Wall Street’s bull case for stocks is increasingly tied to one force — artificial intelligence.
Strategists at Wells Fargo, Barclays, and Deutsche Bank all boosted their respective S&P 500 (^GSPC) targets this week while pointing to resilient earnings and a still-surging AI investment cycle as the backbone of the market’s next leg higher.
Deutsche Bank raised its 2025 forecast for the index to 7,000 from 6,550, the most optimistic among this week’s upgrades. Its chief equity strategist, Binky Chadha, sees an opportunity for the rally “to widen to more cyclical parts and away from the mega-caps as a digestion period approaches after the capex boom.”
Wells Fargo equity strategist Ohsung Kwon set a year-end target of 6,650 for the S&P 500 and expects the benchmark to reach 7,200 by the end of 2026. Barclays, meanwhile, raised its 2025 outlook to 6,450 from 6,050.
Ed Yardeni, president and chief investment strategist of Yardeni Research, also turned more upbeat, lifting his year-end S&P 500 target on Thursday to 6,800 from 6,600.
In his base-case scenario, which he assigns a 55% probability, Yardeni sees a 25% chance of a market “melt-up” to 7,000 by year-end and just a 20% probability of a correction, adding that the odds of a melt-up would rise if the Federal Reserve cuts rates next week and signals more easing ahead.
That call comes as inflation edges higher and the labor market shows strain.
The Consumer Price Index rose 2.9% in August, up from 2.7% in July, while weekly jobless claims jumped to 263,000 — the highest in nearly four years.

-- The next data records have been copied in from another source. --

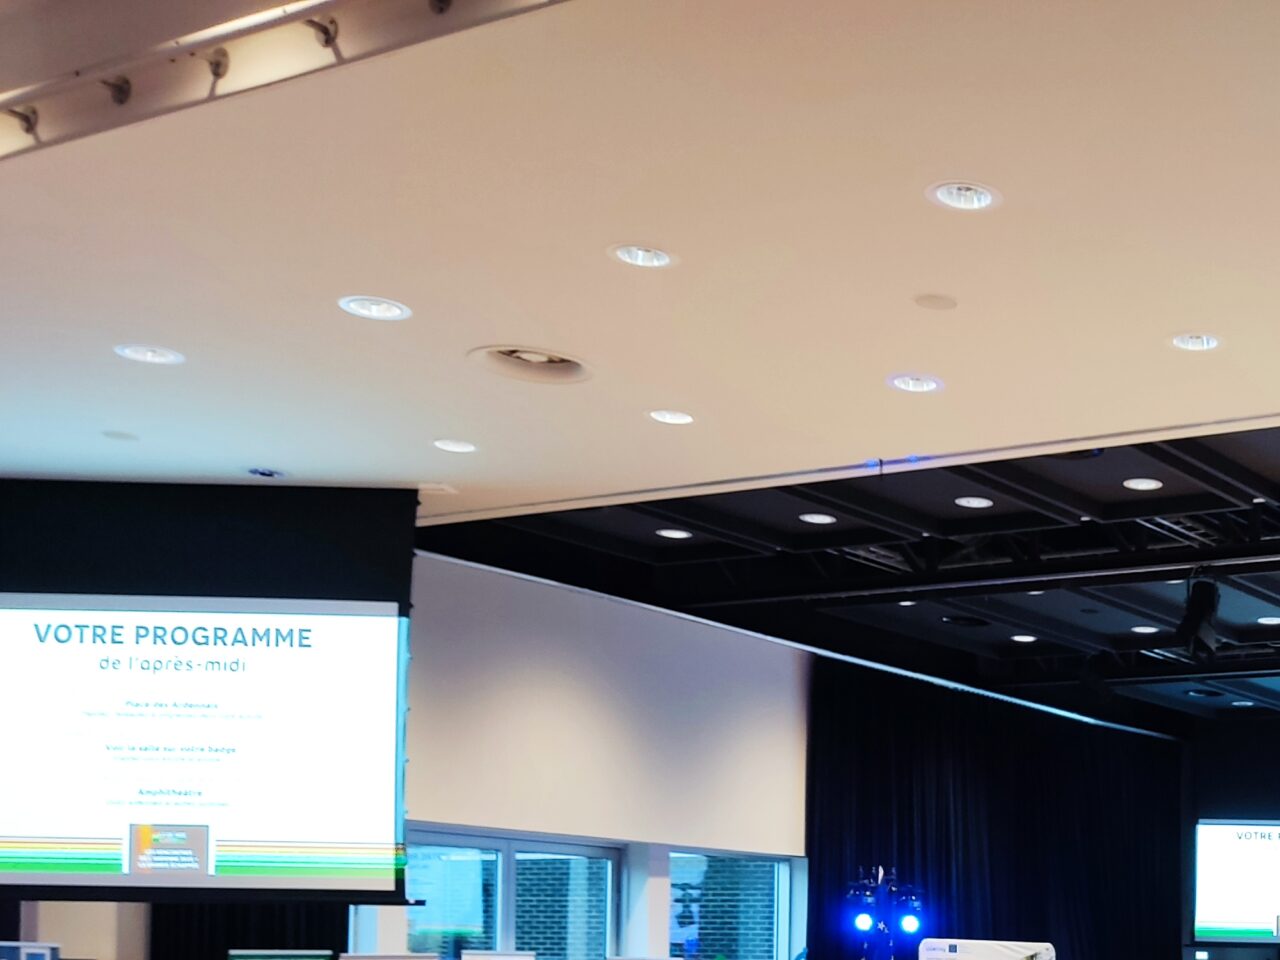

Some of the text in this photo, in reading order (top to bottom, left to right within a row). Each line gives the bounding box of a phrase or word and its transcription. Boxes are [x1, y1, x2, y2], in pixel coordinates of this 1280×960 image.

[34, 623, 312, 648] VOTRE PROGRAMME
[99, 655, 247, 674] de l'après-midi
[1236, 831, 1273, 841] VOTRE
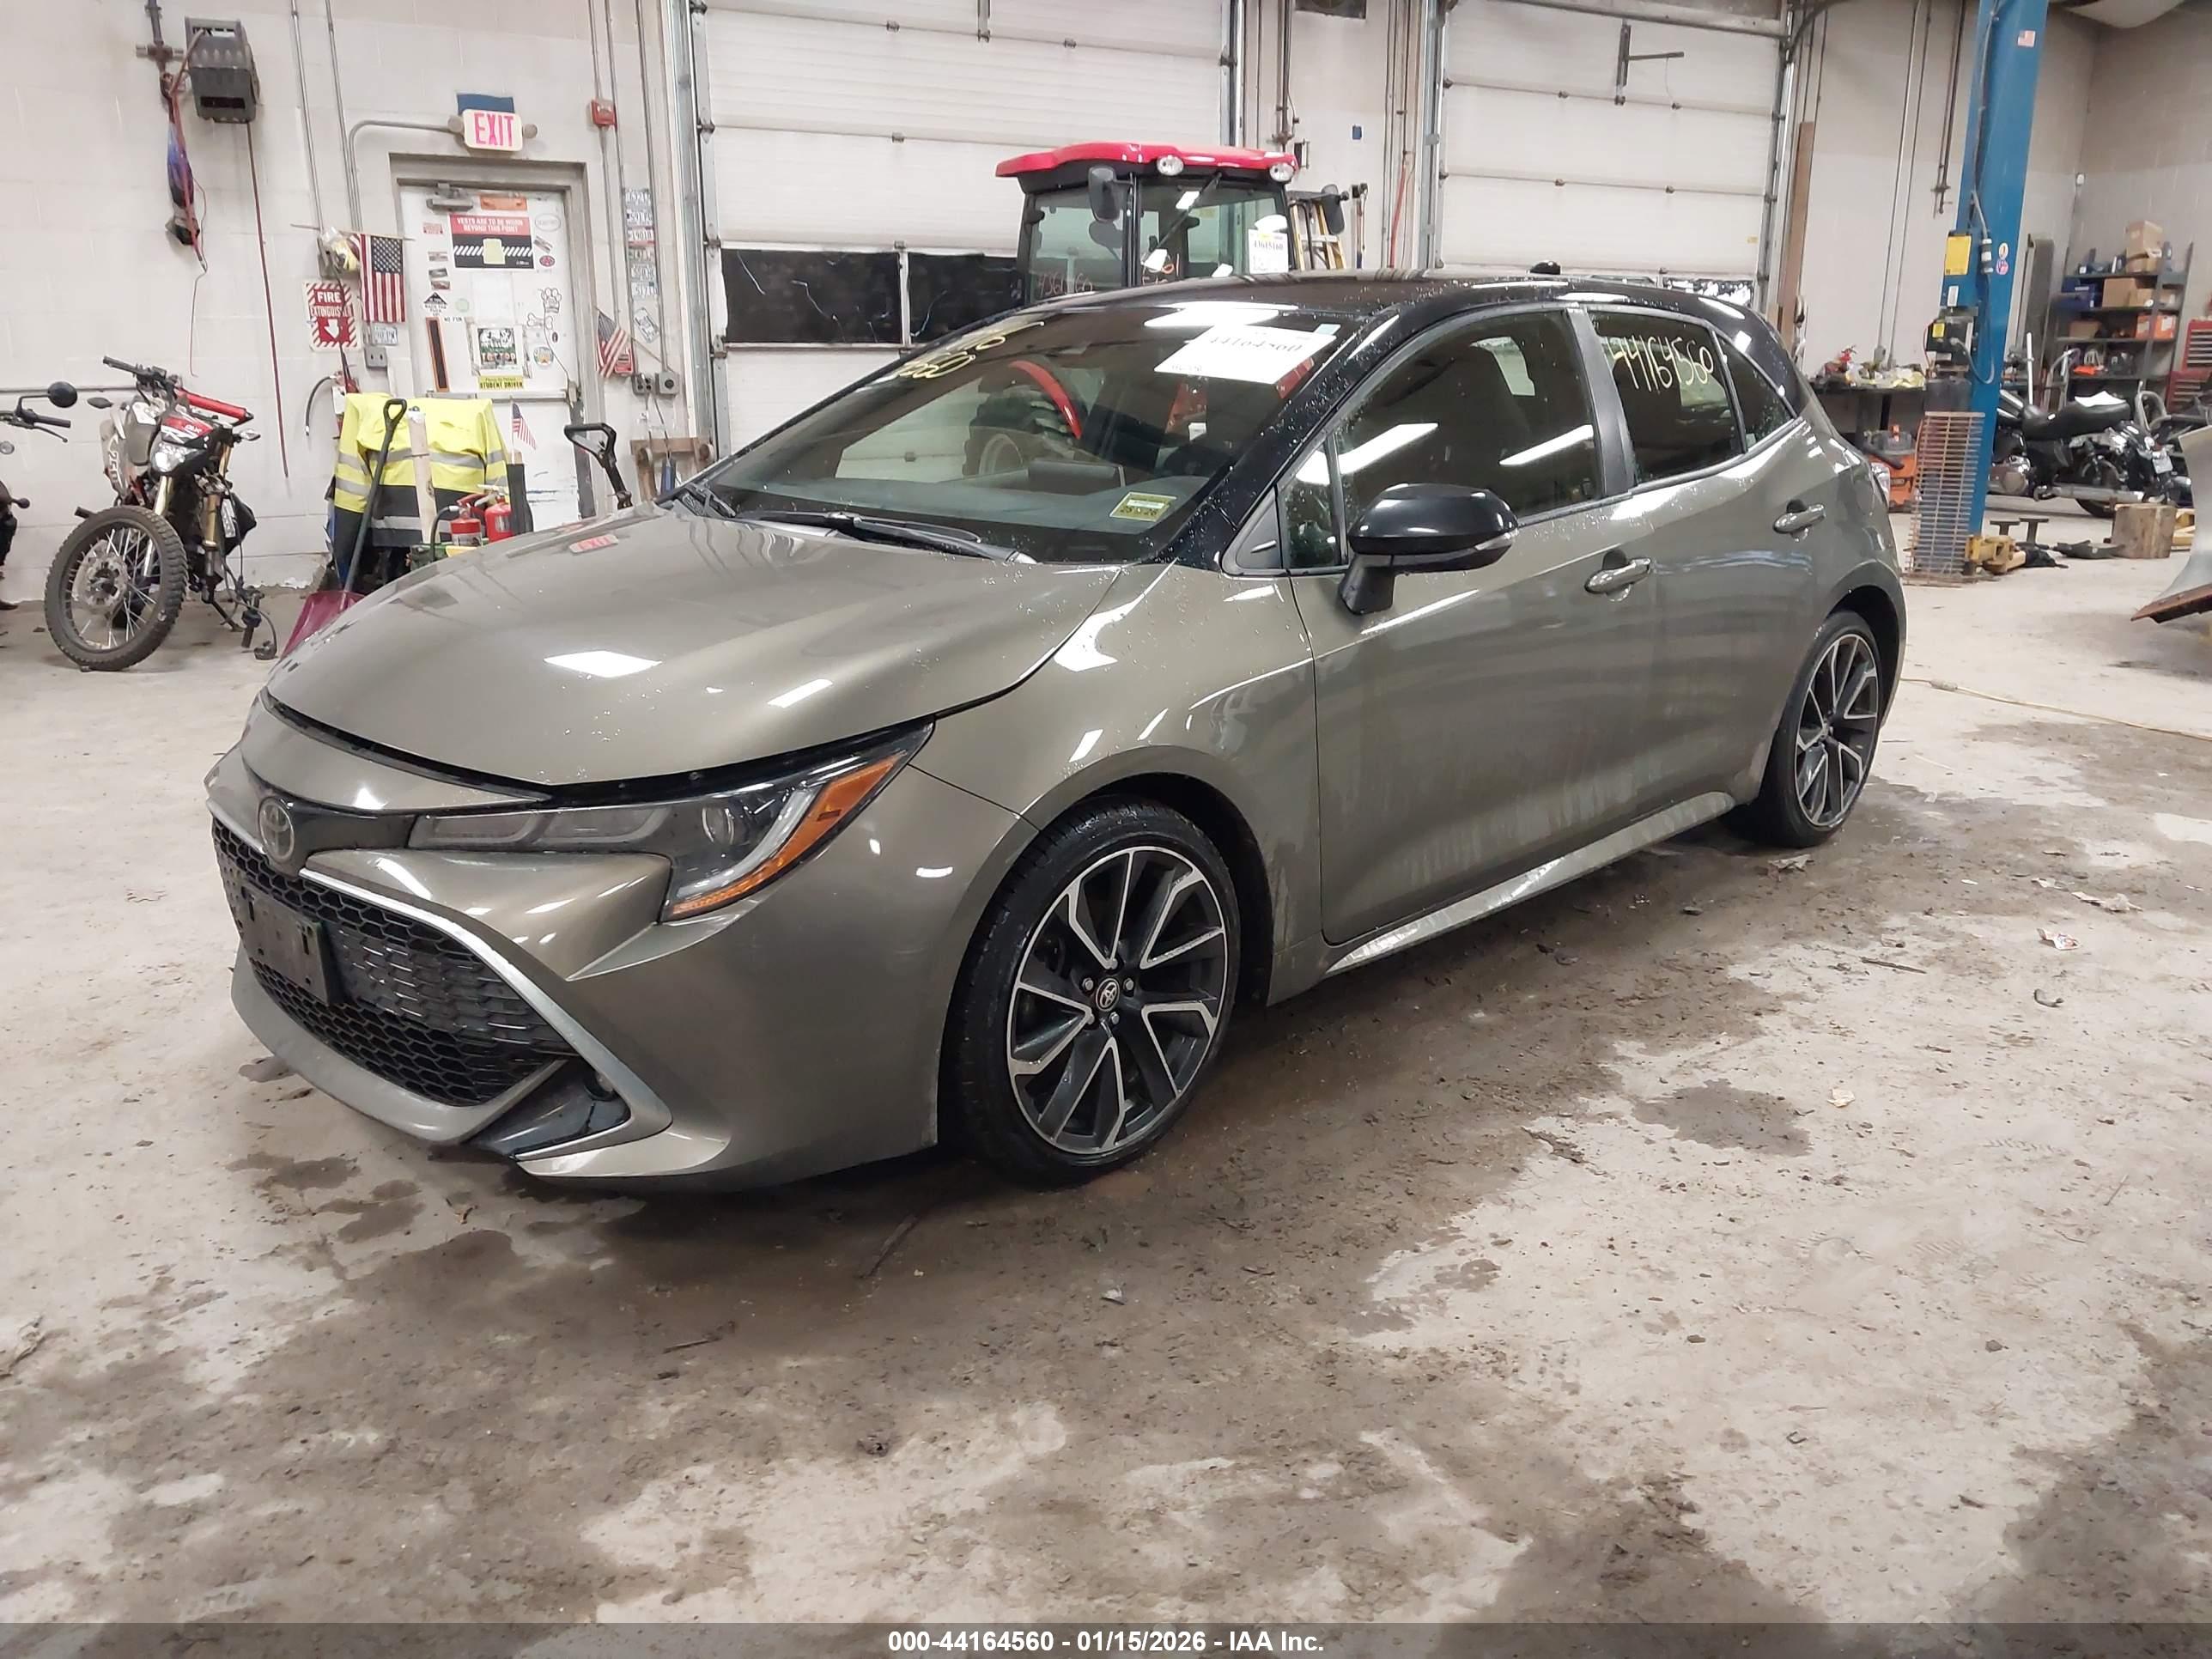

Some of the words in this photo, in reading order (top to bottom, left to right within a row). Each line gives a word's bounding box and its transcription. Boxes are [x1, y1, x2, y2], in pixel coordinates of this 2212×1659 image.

[473, 112, 514, 147] EXIT
[317, 291, 342, 303] FIRE
[1605, 334, 1714, 395] 44164560

Despite stickier prices, markets still expect the Fed to cut rates by a quarter point, with rising odds of a larger half-point move.
The index closed was trading just above 6,580 on Thursday.

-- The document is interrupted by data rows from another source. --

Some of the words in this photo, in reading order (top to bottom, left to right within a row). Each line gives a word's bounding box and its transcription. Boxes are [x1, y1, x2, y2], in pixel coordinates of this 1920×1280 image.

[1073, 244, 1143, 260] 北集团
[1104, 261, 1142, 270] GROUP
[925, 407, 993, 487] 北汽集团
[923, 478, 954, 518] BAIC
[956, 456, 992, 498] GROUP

The mix of sticky inflation, weakening jobs data, and lofty valuations has sharpened focus on the rally’s vulnerabilities, particularly its dependence on a narrow band of mega-cap tech.
Wells Fargo likewise acknowledged the presence of “froth” in the market but argued that should not end the bull run as long as AI capex remains intact.
Barclays strategist Venu Krishna, who said the firm now has a “positive view on the entire tech space,” pointed to the same AI theme, noting that “the ongoing supply/demand imbalance in data centers increasingly favors suppliers of shorter-lived tech assets” while calling fears of AI disruption in software “overblown.”
And while strategists also flagged a range of economic risks from labor market cracks to stagflation, the consensus leaned toward cautious optimism.